MOSCOW -- In an apparent miscalculation, the Kremlin demanded a showdown vote over Russia's chief prosecutor in the upper house of parliament yesterday and was handed an embarrassing defeat.

The Federation Council, as the upper house is known, refused to accept President Boris N. Yeltsin's dismissal of Yuri Skuratov, who began to make trouble for the president and his inner circle a year ago with the opening of an investigation into kickbacks by Mabetex, a Swiss construction company.

The vote shows that regional leaders who sit on the council are not interested in smothering the blossoming corruption scandals and that the Unity political bloc set up by Yeltsin's associates for the December elections is short on influence.

"It looks like the administration miscalculated once again," said Sergei Kalmykov of the Polity Foundation. "It's a humiliating defeat."

It was the third time that the Federation Council had defied the administration over the firing of the prosecutor.

Skuratov, who offered his resignation in February then withdrew it, remains in limbo despite the vote.

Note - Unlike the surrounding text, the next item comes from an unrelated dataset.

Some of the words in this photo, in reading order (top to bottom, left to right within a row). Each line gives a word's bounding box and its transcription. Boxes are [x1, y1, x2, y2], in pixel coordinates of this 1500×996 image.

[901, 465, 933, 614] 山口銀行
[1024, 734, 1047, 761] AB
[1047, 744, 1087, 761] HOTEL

Under criminal investigation by his own department, he has been suspended since spring from the post of prosecutor general.

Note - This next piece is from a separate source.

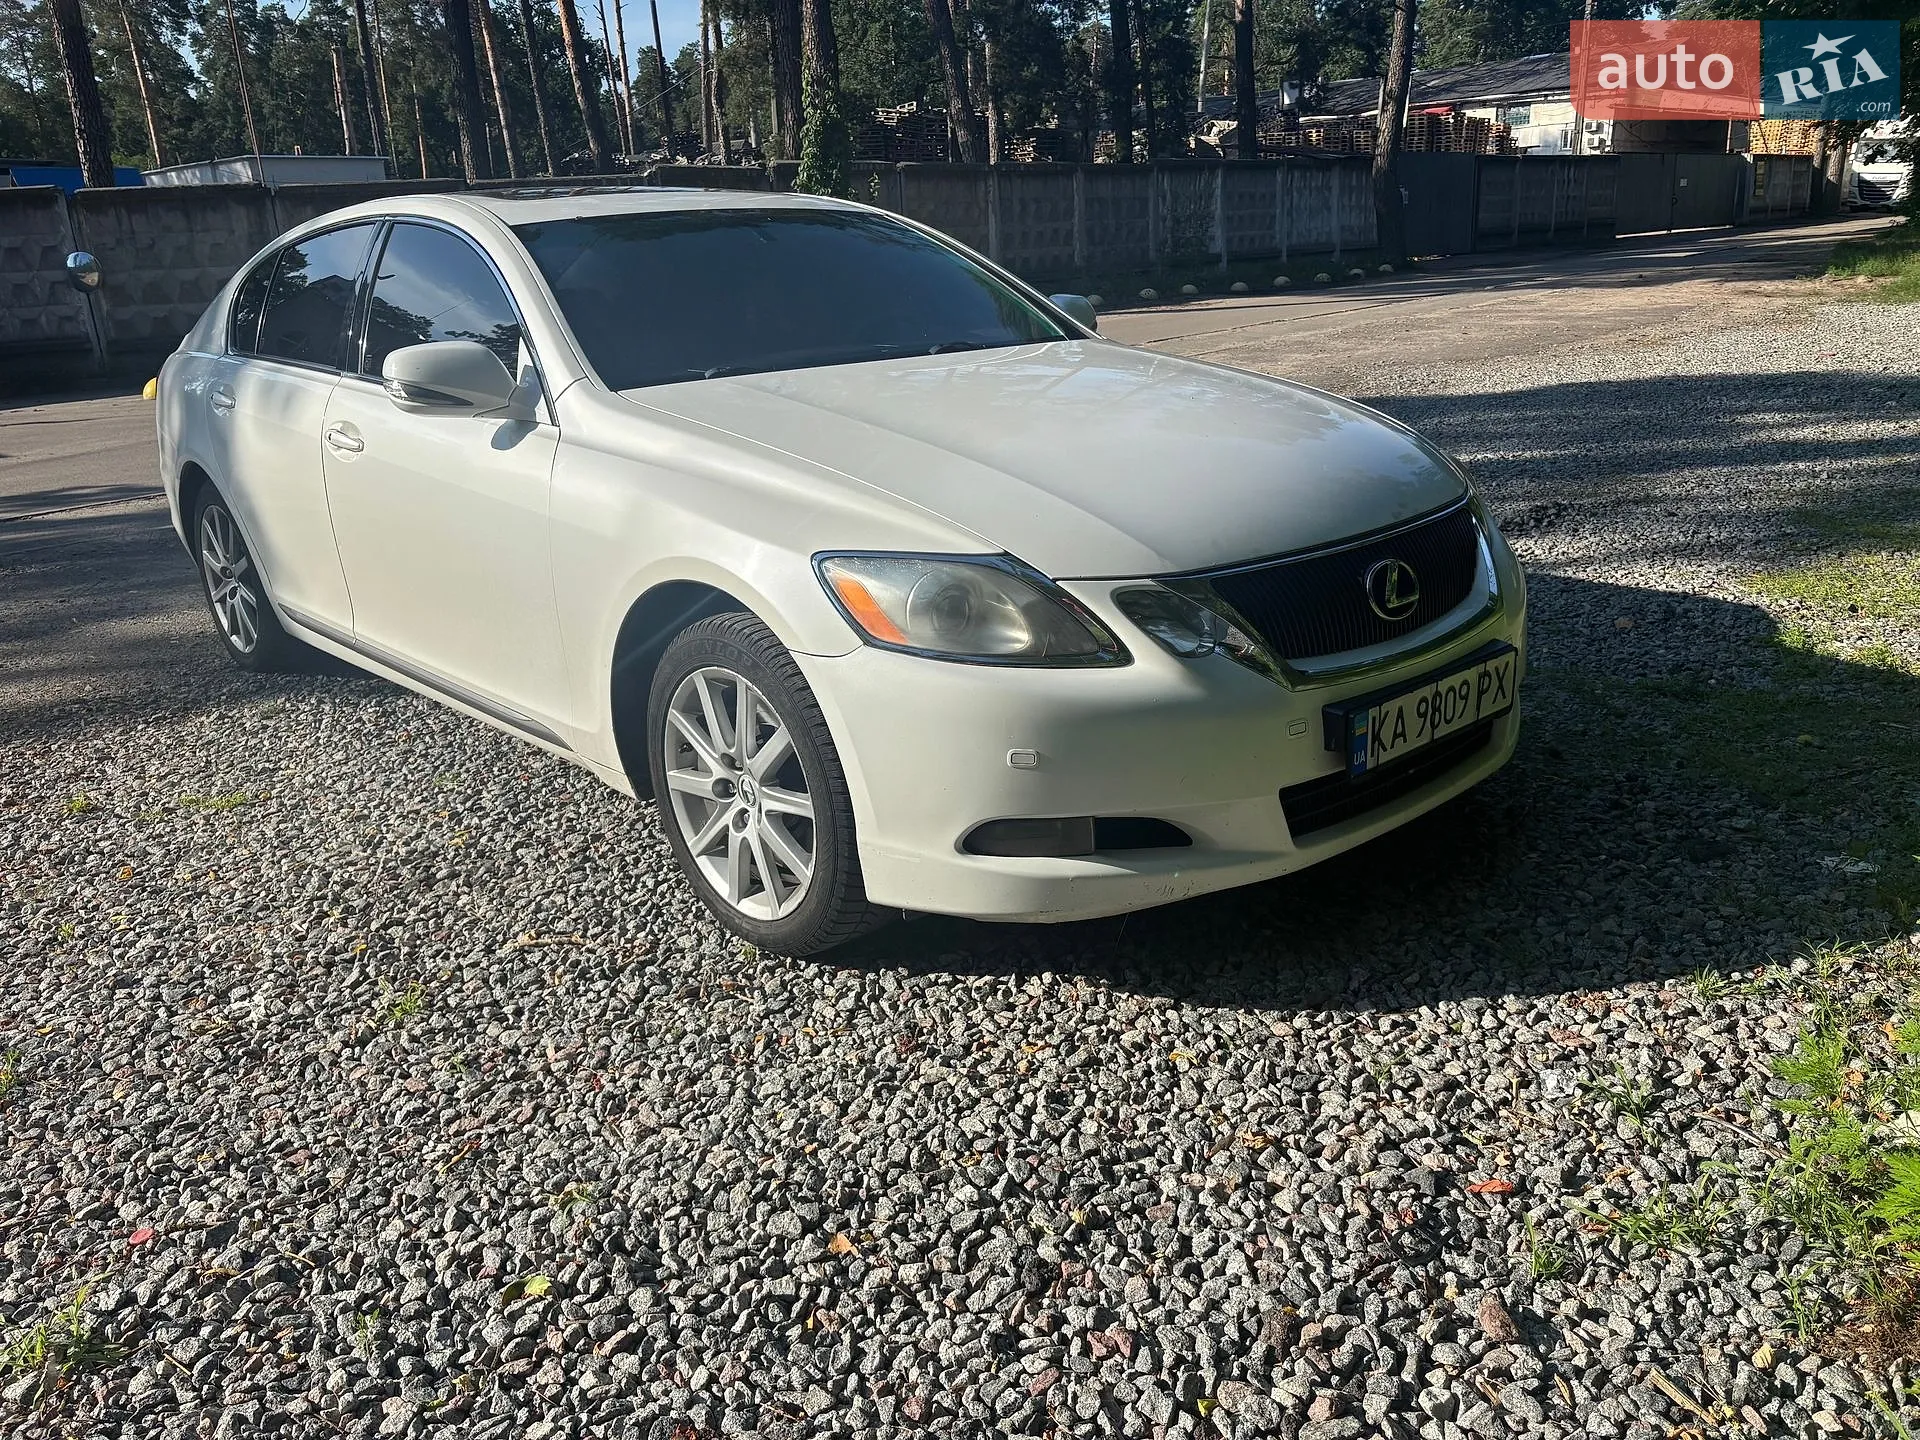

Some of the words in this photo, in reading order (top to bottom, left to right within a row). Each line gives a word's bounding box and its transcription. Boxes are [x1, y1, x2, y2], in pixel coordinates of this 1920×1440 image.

[1370, 706, 1408, 758] KA
[1416, 679, 1471, 739] 9809
[1477, 660, 1510, 713] PX
[1354, 750, 1366, 765] UA

While he awaits a court ruling that he hopes will return him to his job, he has started talking about all sorts of things that he learned during his investigation -- about credit cards issued to the Yeltsin family, about insider sales of government debt before the ruble collapsed a year ago, about diversion of dollars from the International Monetary Fund into offshore accounts.

He has suffered through counterattacks: a video that purports to show him cavorting, undressed, with two young women; a search of his apartment and country home by police; and allegations that he received 14 expensively tailored suits from Mabetex, the company he was investigating. He treats all of this as so far beneath contempt that he won't comment on it.

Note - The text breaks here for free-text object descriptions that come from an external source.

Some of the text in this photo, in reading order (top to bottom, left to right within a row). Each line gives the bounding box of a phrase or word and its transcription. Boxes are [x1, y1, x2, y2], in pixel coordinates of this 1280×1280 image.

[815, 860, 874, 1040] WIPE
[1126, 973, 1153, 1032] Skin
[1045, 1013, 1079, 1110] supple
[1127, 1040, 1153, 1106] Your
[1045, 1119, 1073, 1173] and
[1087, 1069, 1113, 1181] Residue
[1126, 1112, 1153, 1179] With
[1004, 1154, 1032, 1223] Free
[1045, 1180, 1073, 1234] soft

He gave an emotional speech to parliament yesterday, his voice tinged with anger, ostensibly about the need to put law enforcement above politics. But with him it looked personal.

"Anything is possible in our country, any provocation, any blackmail, any violation of law if this is demanded by the interests of the Kremlin inner circle," he said. "In principle, it is not about me. They have just decided to make short shrift of me.

"It is clear to you that the question of my resignation really revolves around the personal interest of the president and his family."

Skuratov was never exactly a crusading prosecutor. Throughout his tenure, not one political murder was solved, and no significant corruption cases were successfully prosecuted. Money launderers and racketeers went about their business with impunity.

Now he and the corruption scandals have landed in the forefront of the parliamentary election campaign.

"The point is that all this struggle around Skuratov's dismissal has assumed a symbolic character," said Viktor Kuvaldin of the Gorbachev Foundation. "Today's decision will have a strong impact on the arrangement of political forces in the country."

The Federation Council is made up of regional leaders, the sort of solid bosses upon whom the Kremlin has relied in the past to outweigh the hotheads in the State Duma, parliament's powerful lower house.

When one group of local chiefs joined forces with Moscow Mayor Yuri M. Luzhkov and Yevgeny M. Primakov, a former prime minister, in an anti-Kremlin election bloc, Yeltsin's people countered with Unity, culled from regions that rely on federal money to survive.

Unity has publicity -- and lots of money -- going for it, so no one can count it out. But in its home base, the Federation Council, it could muster only 52 votes against Skuratov, with 98 refusing to accept his dismissal.

The Kremlin had apparently decided to force the issue as a means of getting rid of Skuratov before a court ruling that might be in his favor. But the vote was by secret ballot, another miscalculation by the Yeltsin administration. Members were free to vote as they wished.

An official Kremlin statement said later that Skuratov "has compromised the high office of prosecutor and tried to turn the prosecutor's office into a tool of the political fight."

The prosecutor called the vote by the council "a triumph of justice."